A surprise finding in the study is that managers make the wrong decision more often than not; a mere 18% of respondents made decisions that added value to the portfolio more than half the time. The “most-right” manager in the study only had an accuracy rate of 55%. Of course, many managers would maintain that their winners make up for the multitude of losers, and that’s backed up by the study: 68% of the respondents returned more value after a right decision than what they lost after a wrong one. The study also found that 58% of the stockpickers added value…but only 38% of them added value after deciding how big to make their position. And nearly three-quarters of the respondents lost value by selling off, indicating that managers pay more attention to entry than exit.

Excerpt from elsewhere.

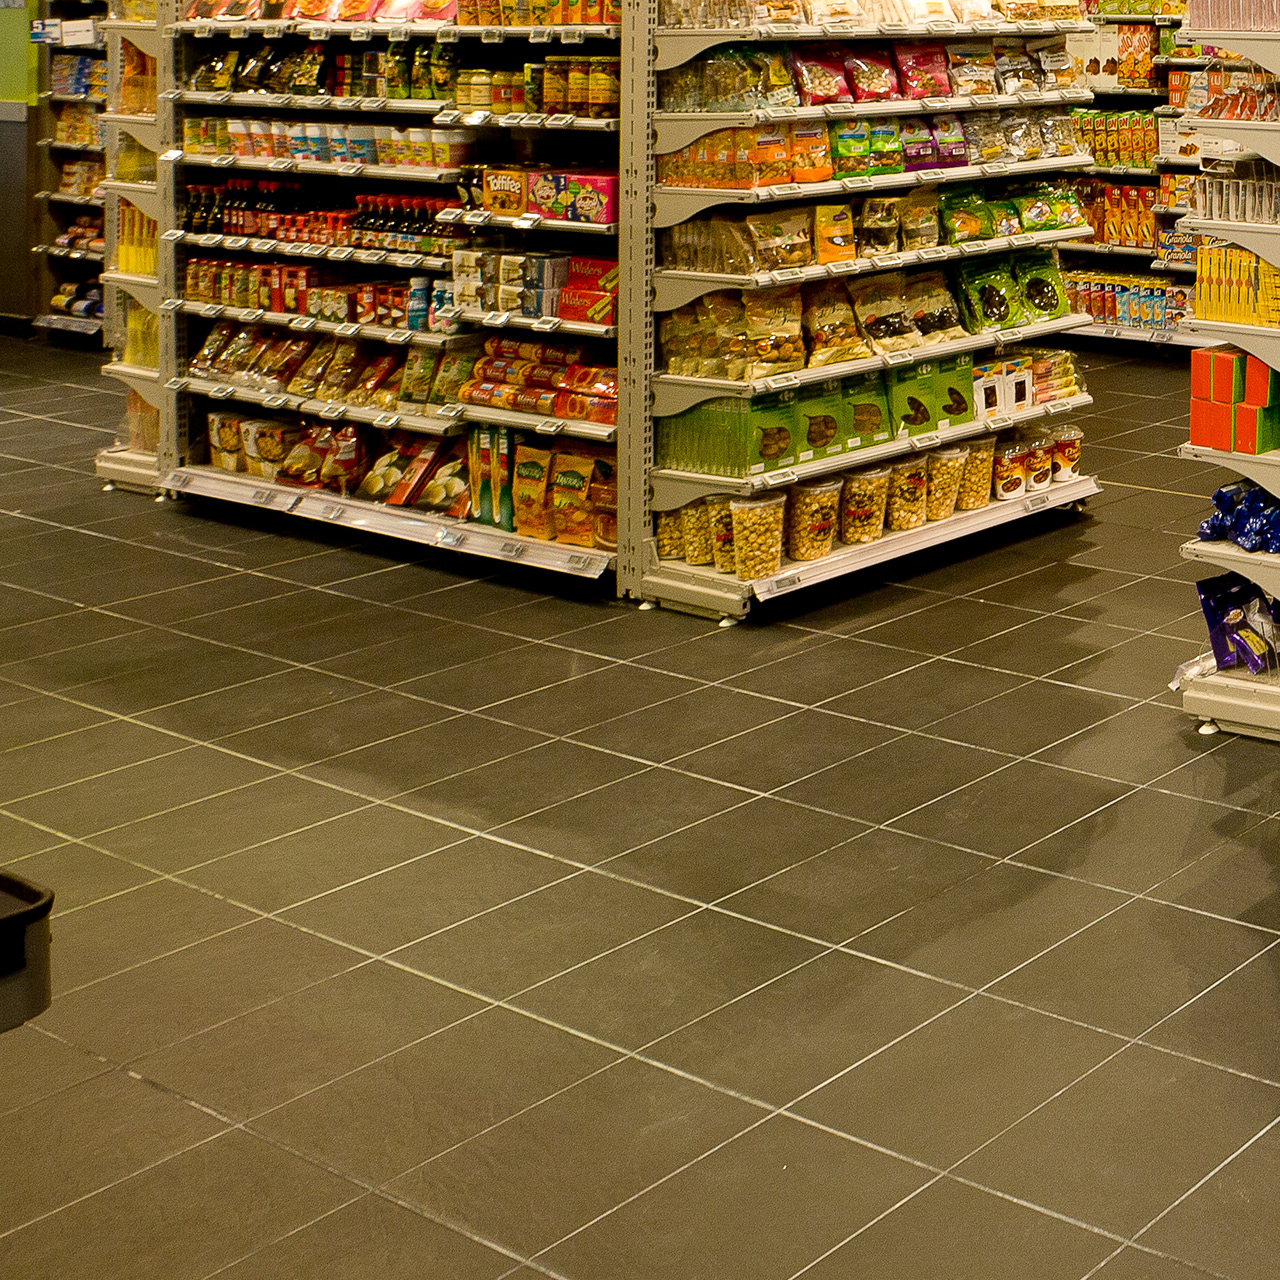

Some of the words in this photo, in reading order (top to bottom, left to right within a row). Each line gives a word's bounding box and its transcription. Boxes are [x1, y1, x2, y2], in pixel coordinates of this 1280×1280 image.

Though the study was anonymous, Essentia disclosed (with permission) to Institutional Investor the portfolio managers who ranked in the top 5. They were: Vishal Gupta of Morgan Stanley Investment Management’s Emerging Markets Leaders’ fund; Mark Denham of Carmignac’s Portfolio Grande Europe; Jonathan Good from Baird’s Small/Mid-Cap Growth fund; Xavier Hovasse and Haiyan Li-Labbé of Carmignac’s Emergents Fund, and Martin Walker from Invesco’s U.K. Opportunities Fund.